**Problem to work on:** The required output is all lines below that contain the word "LIBERTY".

**Study material:**
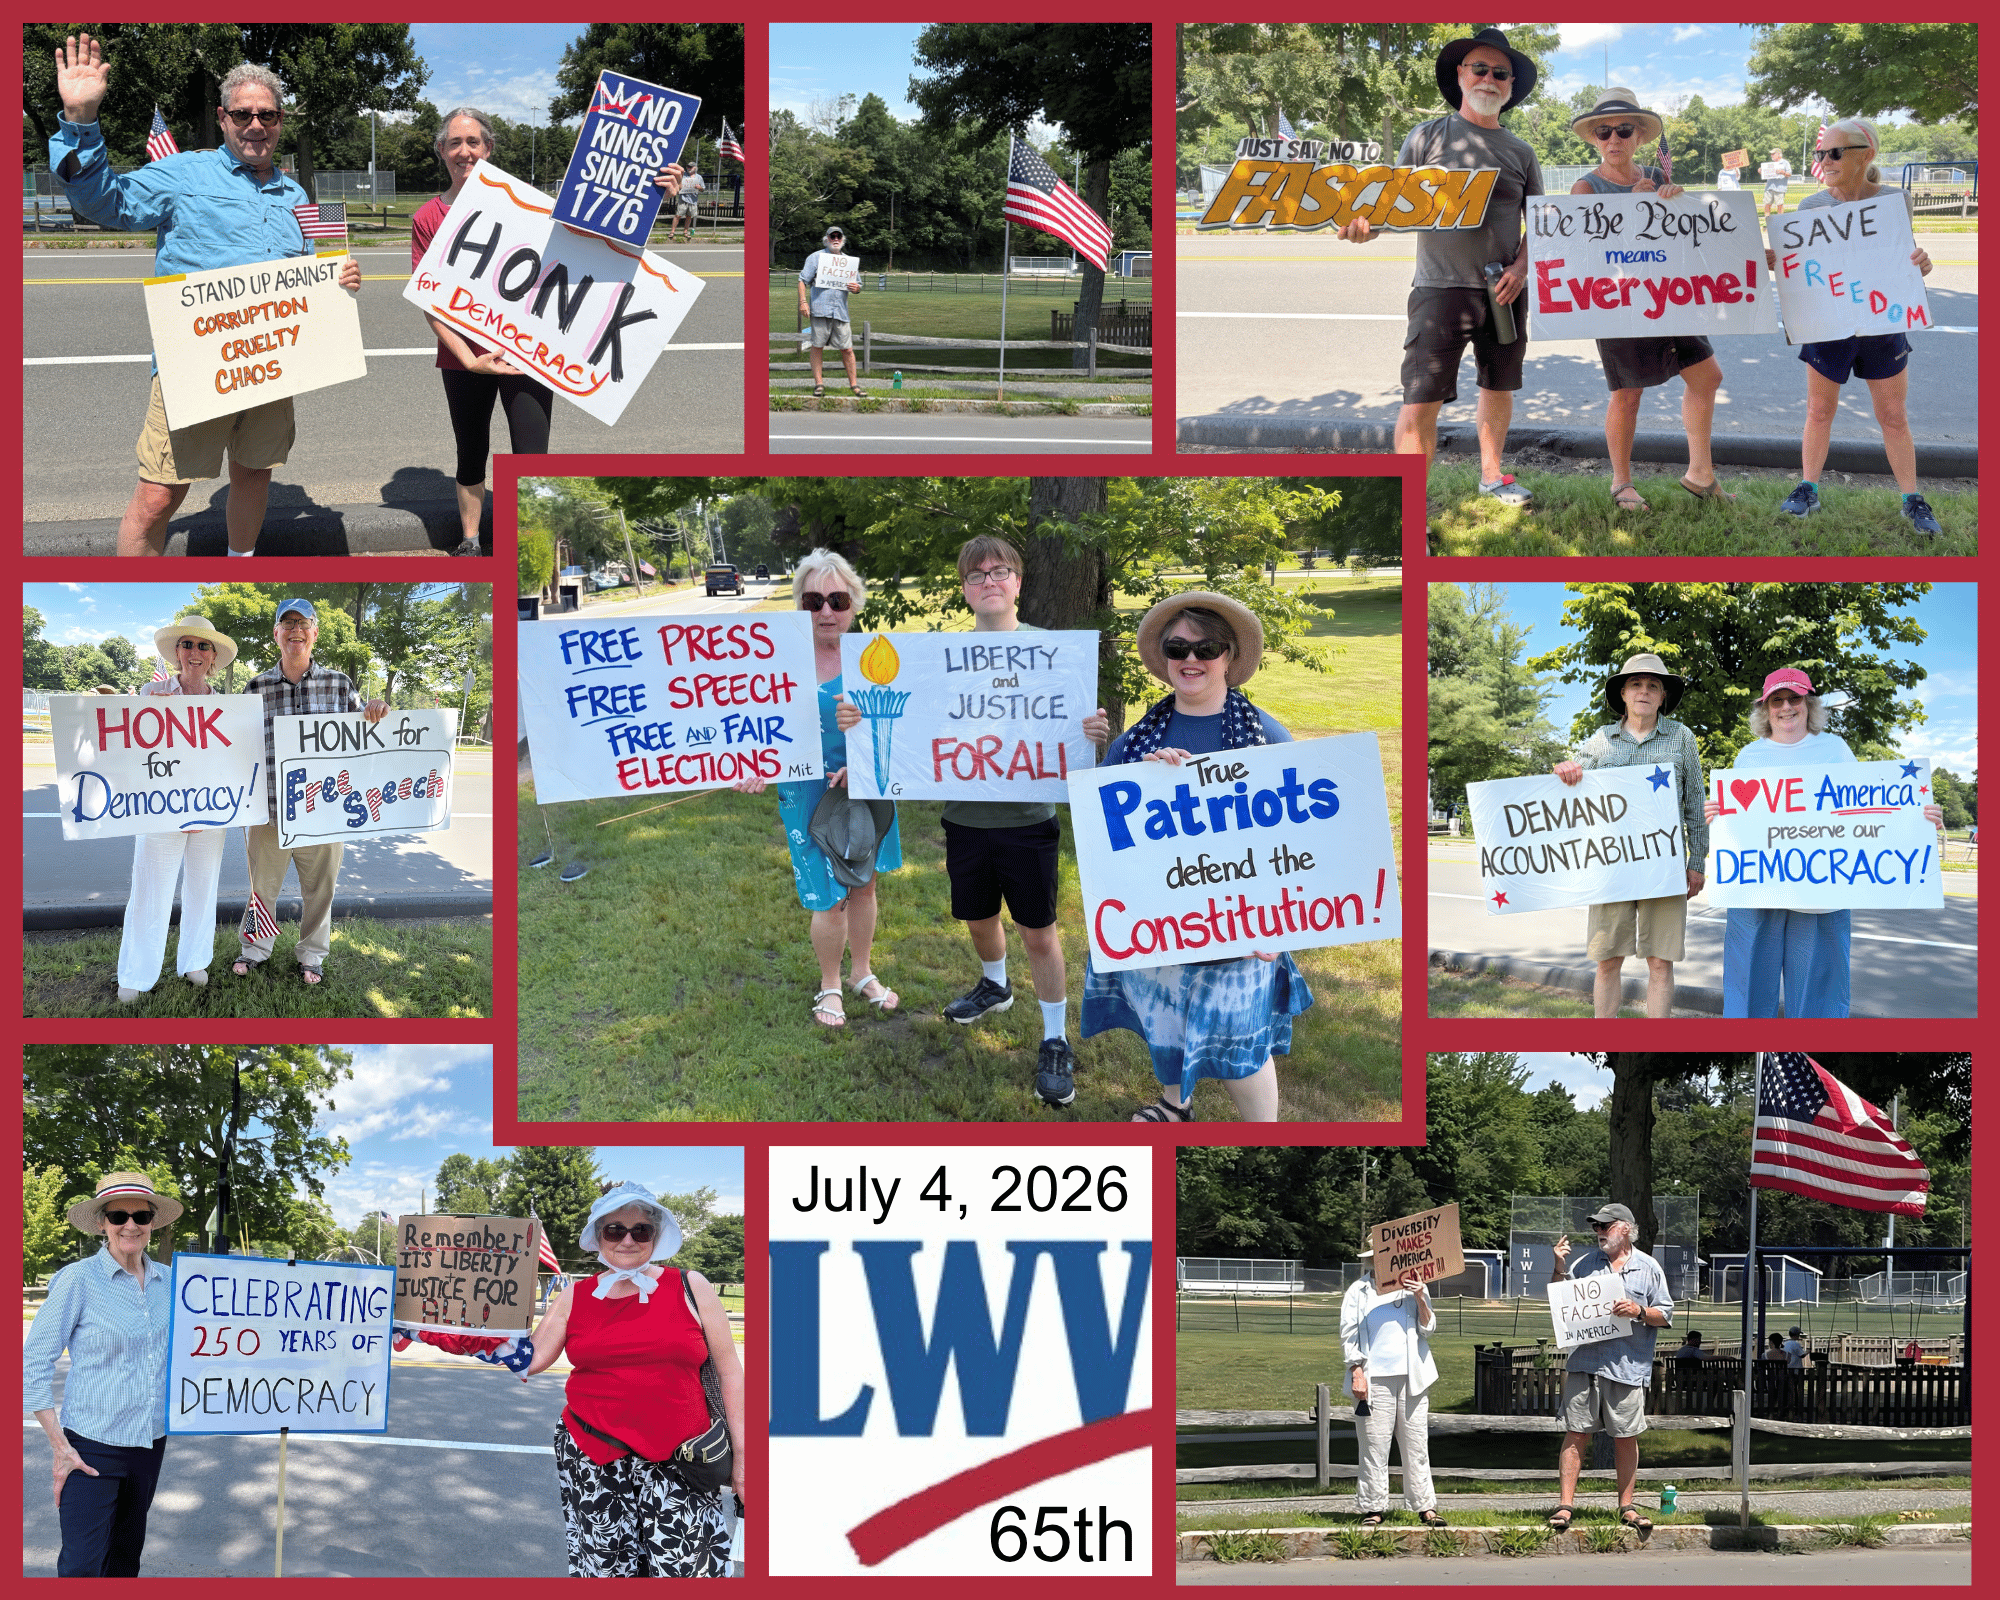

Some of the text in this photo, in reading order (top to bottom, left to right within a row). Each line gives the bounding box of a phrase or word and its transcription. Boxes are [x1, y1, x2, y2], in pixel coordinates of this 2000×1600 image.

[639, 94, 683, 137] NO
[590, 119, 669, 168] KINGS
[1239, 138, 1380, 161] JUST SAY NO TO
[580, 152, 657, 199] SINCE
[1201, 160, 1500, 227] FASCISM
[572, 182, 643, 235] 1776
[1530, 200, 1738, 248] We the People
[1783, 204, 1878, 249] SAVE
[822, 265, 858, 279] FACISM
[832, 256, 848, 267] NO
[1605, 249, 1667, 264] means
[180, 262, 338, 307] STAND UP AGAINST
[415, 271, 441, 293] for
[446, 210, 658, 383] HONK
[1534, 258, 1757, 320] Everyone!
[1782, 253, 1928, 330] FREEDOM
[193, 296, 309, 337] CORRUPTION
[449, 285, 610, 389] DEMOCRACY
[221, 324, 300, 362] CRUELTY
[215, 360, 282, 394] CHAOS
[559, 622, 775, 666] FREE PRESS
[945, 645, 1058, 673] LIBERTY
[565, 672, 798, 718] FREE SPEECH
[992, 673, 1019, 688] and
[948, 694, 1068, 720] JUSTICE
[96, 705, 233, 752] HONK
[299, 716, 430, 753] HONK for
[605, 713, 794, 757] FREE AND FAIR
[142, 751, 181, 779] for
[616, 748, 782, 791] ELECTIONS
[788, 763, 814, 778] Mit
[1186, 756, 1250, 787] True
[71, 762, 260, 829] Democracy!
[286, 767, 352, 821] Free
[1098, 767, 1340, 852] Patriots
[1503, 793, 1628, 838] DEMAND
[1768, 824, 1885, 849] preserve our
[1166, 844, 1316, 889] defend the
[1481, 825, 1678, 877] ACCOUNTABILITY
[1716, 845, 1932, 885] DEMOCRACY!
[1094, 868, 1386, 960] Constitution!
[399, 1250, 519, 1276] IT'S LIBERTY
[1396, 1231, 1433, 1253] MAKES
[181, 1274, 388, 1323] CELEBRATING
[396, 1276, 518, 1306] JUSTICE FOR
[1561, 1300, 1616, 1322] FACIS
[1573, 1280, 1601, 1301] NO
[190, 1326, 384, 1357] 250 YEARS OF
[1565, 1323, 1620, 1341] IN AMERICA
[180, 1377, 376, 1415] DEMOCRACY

**Completed exercise:**
[945, 645, 1058, 673] LIBERTY
[399, 1250, 519, 1276] IT'S LIBERTY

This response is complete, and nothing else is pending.